# Sticky  Our "Honored Members"



## Polaris425

Steve & I decided that, instead of voting, we'd just make all 5 nominations our Honored Members. Since most people nominated the same 5 or replied that one of these already mentioned was their nomination as well.

Congratulations to our new MIMB Honored Members: 



IBBruin
FABMAN
hondarecoveryman
Bootlegger
drillersgodeeper

*Also note, that all HM's will be automatically given Subscriber Status, if they are not already a Subscribed Member


----------



## RDWD

Congratulations fellas job well done.


----------



## sweeper

congrats guys!!!!!


----------



## Metal Man

Awesome!!


----------



## bayou_boy_22

congrats.


----------



## 08GreenBrute

congrates,


----------



## phreebsd

Congratulations


----------



## DrillersGoDeeper

thanks!


----------



## jctgumby

Congratulations...Very Well Deserved Guys


----------



## Bootlegger

Cool.....thanks


----------



## IBBruin

Thank ya, thank ya, thank ya very much (In my best Elvis voice)


Dam, I've been in Tupelo to long.


----------



## snipe523

Congrats to all, well deserved.


----------



## sandman7655

Congrats, but i think i got left off the list.hehe


----------



## mrkd1

congrats..you guy's help make this what it is..:rockn:


----------



## TX4PLAY

Congrats fellas.


----------



## sookiesmacker

Aww, shucks!!! 

You shouldn't have.


Wait a minute, I didn't make the list??!!!!!!!!!!!!


Seriously,


Congrats. Guys!!!!!!!!!!!!




Just sayin'


----------



## walker

congrats fella's :rockn:


----------



## Kurly

Sounds....well....honorable!

Congrats guys!!!


----------



## Qball

Congrats to all that made it!!


----------



## FABMAN

Nominations, voting, Honored Members?
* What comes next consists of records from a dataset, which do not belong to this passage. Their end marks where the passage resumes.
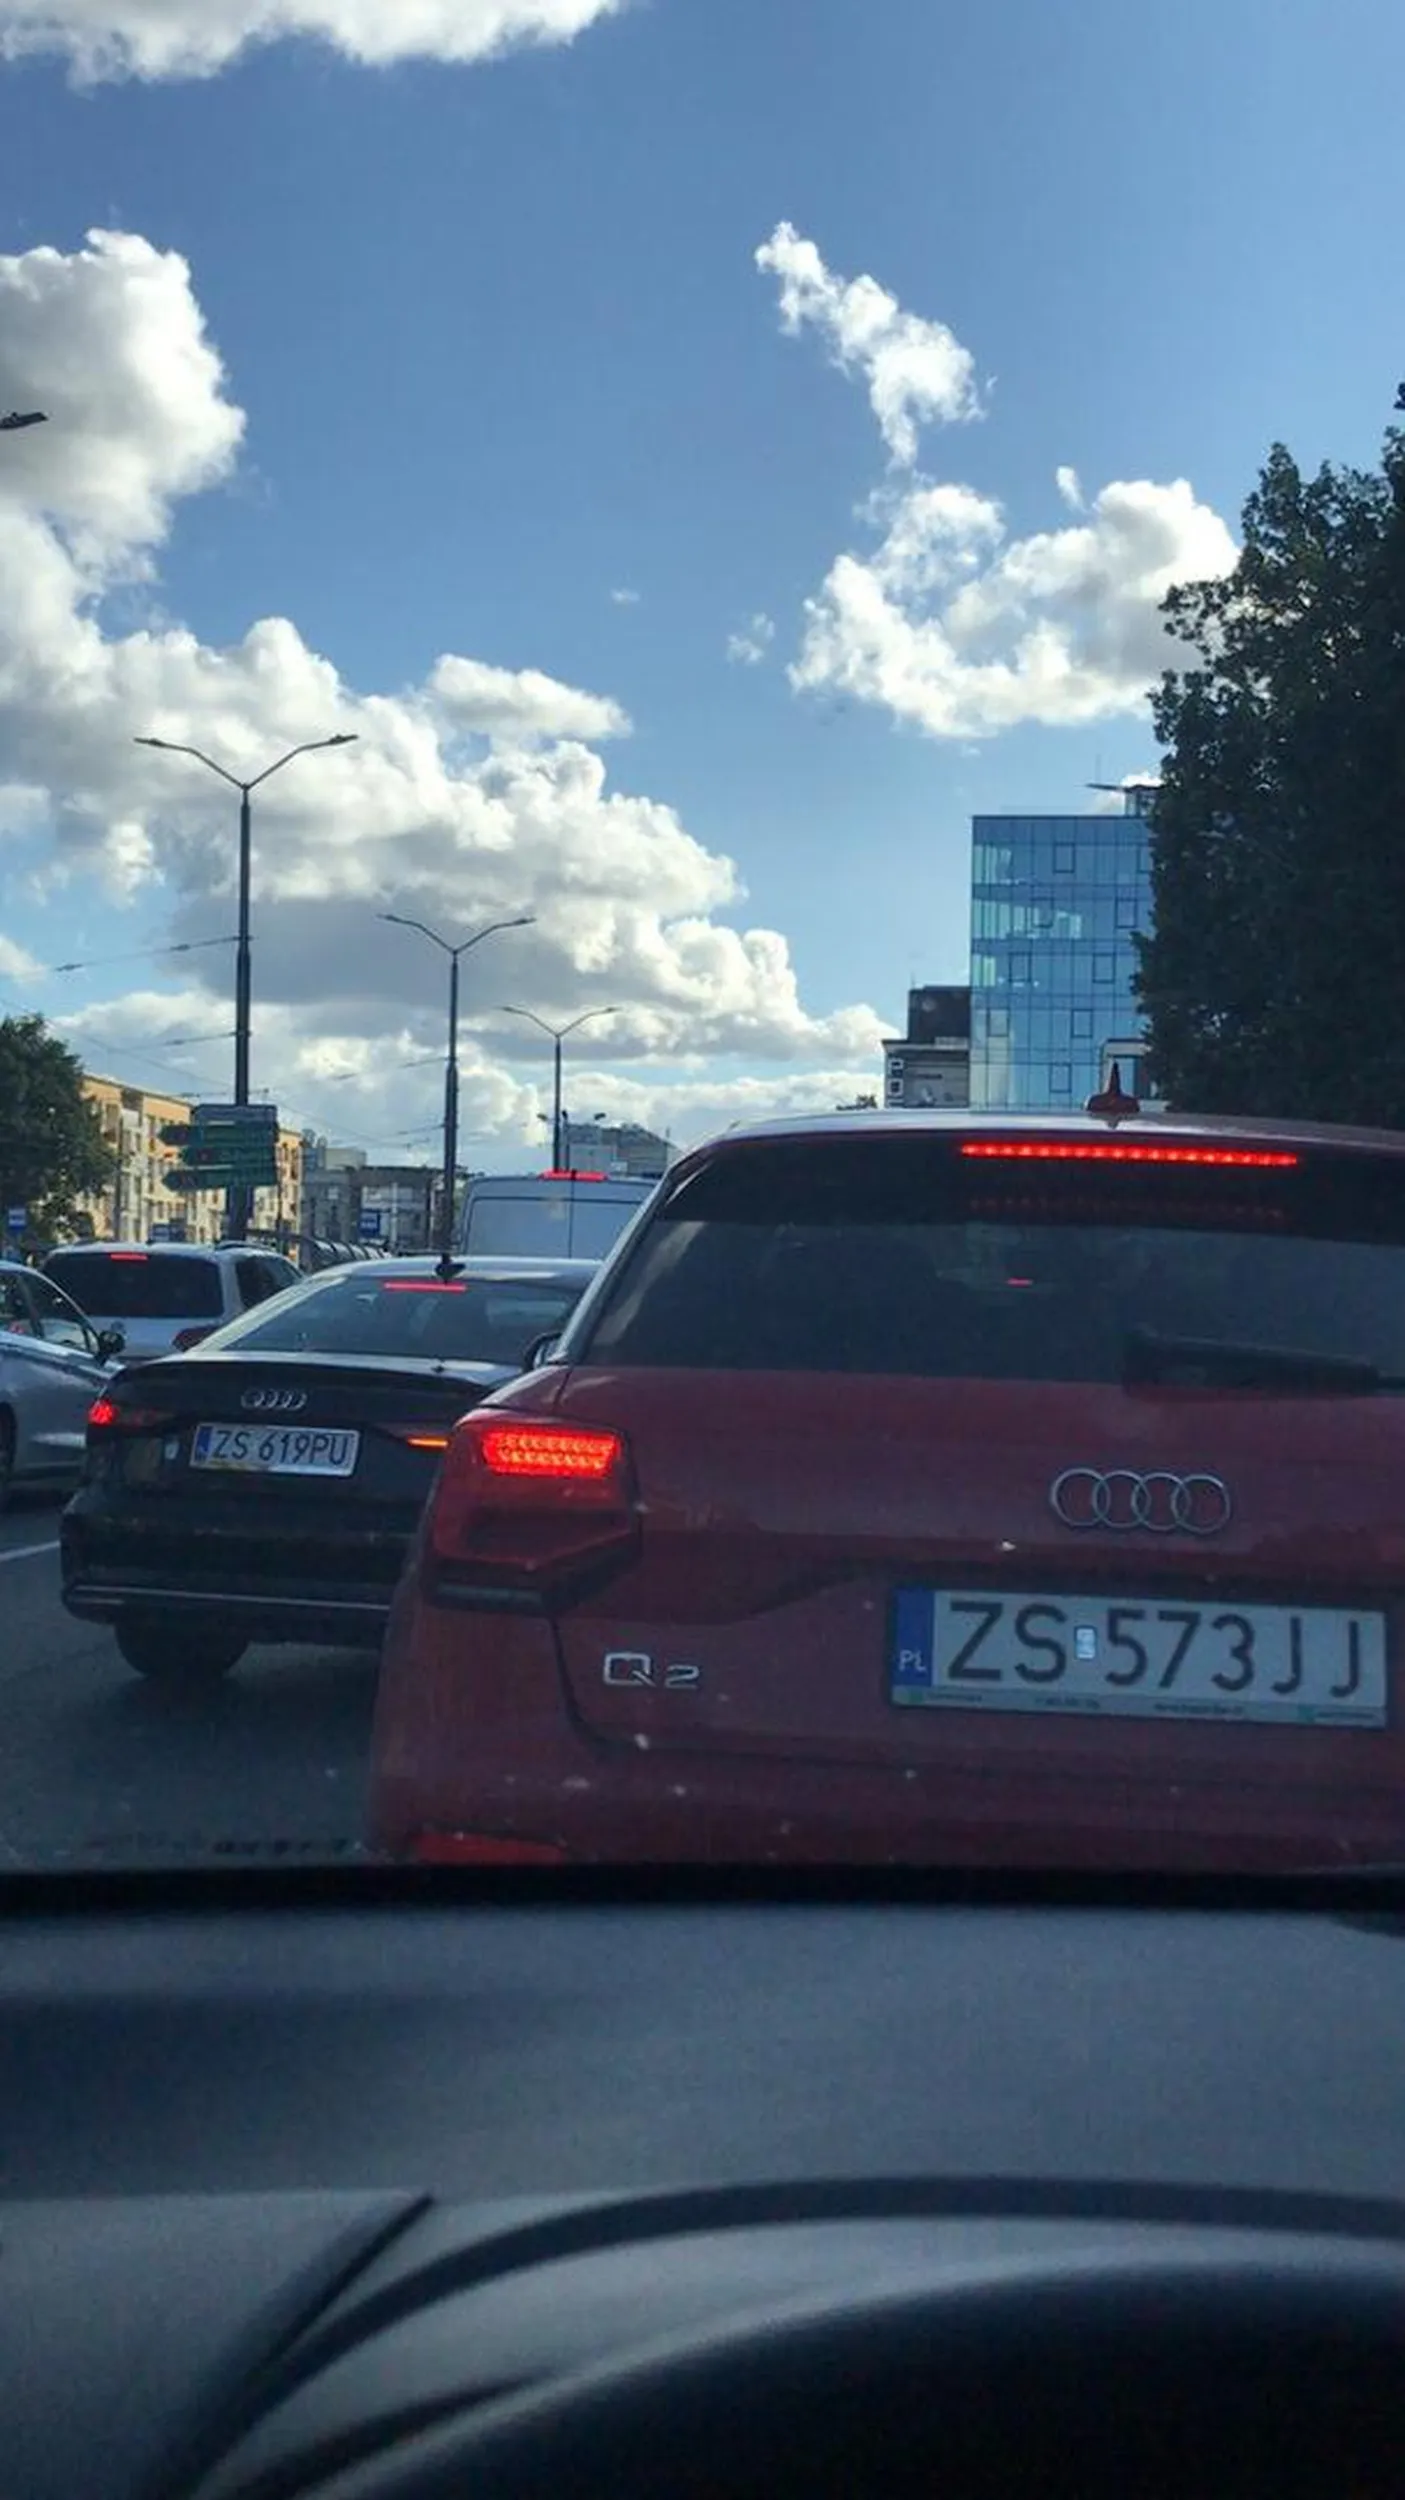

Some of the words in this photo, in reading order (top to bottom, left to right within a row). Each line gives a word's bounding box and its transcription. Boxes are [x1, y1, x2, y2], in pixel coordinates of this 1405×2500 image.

[211, 1430, 250, 1460] ZS
[258, 1430, 349, 1466] 619PU
[899, 1648, 927, 1671] PL
[947, 1601, 1068, 1684] ZS
[1104, 1608, 1361, 1699] 573JJ
[603, 1652, 700, 1689] Q2
Since when did this take place?lol iv been busy lately I guess!
Congratulations to IBBruin, hondarecoveryman, Bootlegger, drillersgodeeper. all ya are good guys :rockn:

and thank you all vary much!

driller is a guy right?:thinking:


hahahahaha


----------



## josh13

congrates to all!!! AAARRTYY:


----------



## hondarecoveryman

:rockn: Thank you Guys very much I am honored to be on the list :bigok: I just glad that i found the wealth of knowledge and info on this site and I only try to add my knowledge to the Site Thanks to MetalMan for bringing me over here


----------



## Metal Man

I'm glad you decided to join up Hondarecoveryman. It only took you 6 months to make the Honored list :bigok:


----------



## hondarecoveryman

And still going strong


----------



## Roboquad

:crowdapplause:


----------



## Polaris425

Welcome our newest Honored Member:

FilthyRedneck


----------



## Coolwizard

Congrats!


----------



## Big D

AAARRTYY:


----------



## NMKawierider

Congrats!!


----------



## filthyredneck

Thanks guys.


----------



## Bootlegger

I would like to welcome jctcumby as an Honored Member as well.
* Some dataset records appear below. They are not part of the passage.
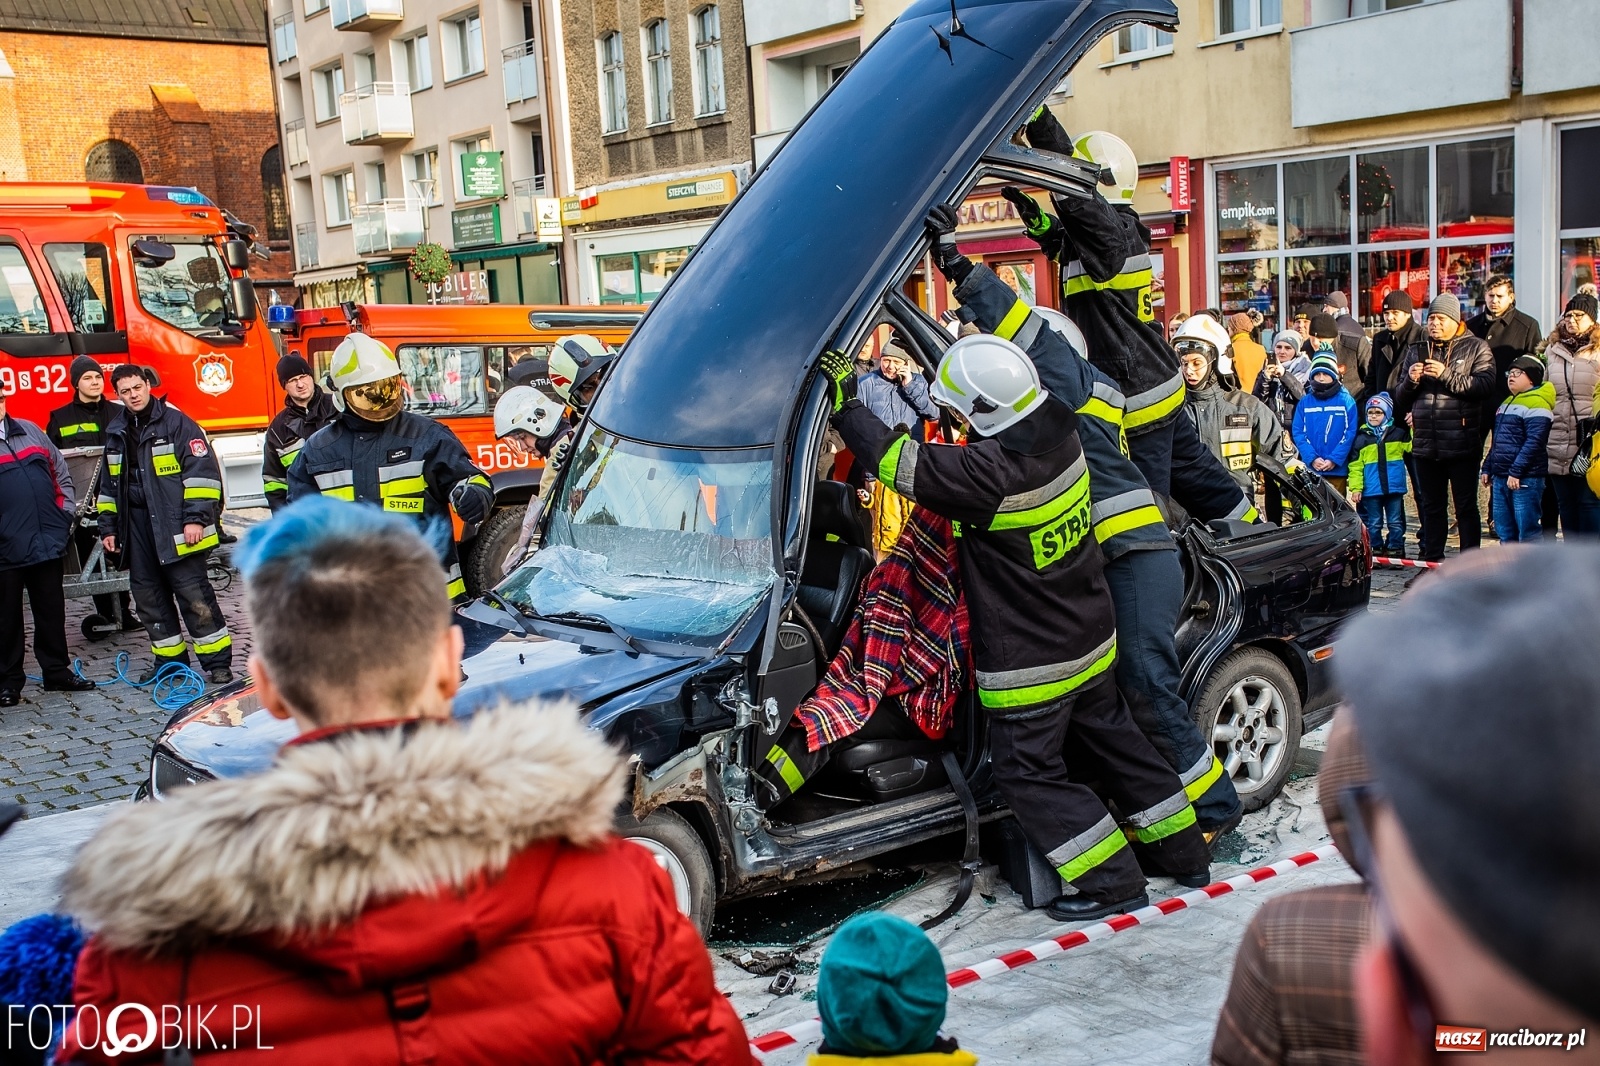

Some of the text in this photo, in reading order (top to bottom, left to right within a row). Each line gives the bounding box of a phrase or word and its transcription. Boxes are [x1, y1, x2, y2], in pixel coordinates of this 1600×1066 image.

[668, 181, 723, 198] STEFCZYK FINANSE
[705, 194, 725, 202] PARTNER
[1221, 201, 1275, 220] empik.com
[33, 364, 68, 394] 32
[530, 378, 553, 388] STRA
Welcome Jim, Congrats my friend! :35:


----------



## jctgumby

Thank you Mark and everybody else that makes MIMB what it is.


----------



## gpinjason

Congrats gumby! 

And to filthy as well!! Didn't realize I missed that post.. 

Been busy with the little guy at home! 


Sent from my iPhone using Tapatalk


----------



## NMKawierider

Congrats jctcumby, well deserved.


----------



## 2010Bruterider

Sweet. The list keeps getting longer. Congrats to all you guys. I know i've learned a lot from you all. Thanks for making MIMB the great site it is.


----------



## Big D

Congrats jctcumby! :WAYV:


----------



## swampthing

Congratulations all, you really help make MIMB as great as it is.


----------



## filthyredneck

gpinjason said:


> Congrats gumby!
> 
> And to filthy as well!! Didn't realize I missed that post..
> 
> Been busy with the little guy at home!
> 
> 
> Sent from my iPhone using Tapatalk


Lol yep I made the list. Was actually quite suprised when Jon sent me the pm and I realized my name was orange!


----------



## filthyredneck

Congrats jctcumby.


----------



## 08beast

Congrats to both ya'll, welcome aboard


----------



## Bootlegger

Yeah, Congrats Filthyredneck...:fing02:


----------



## 08GreenBrute

congrats guys!!!


----------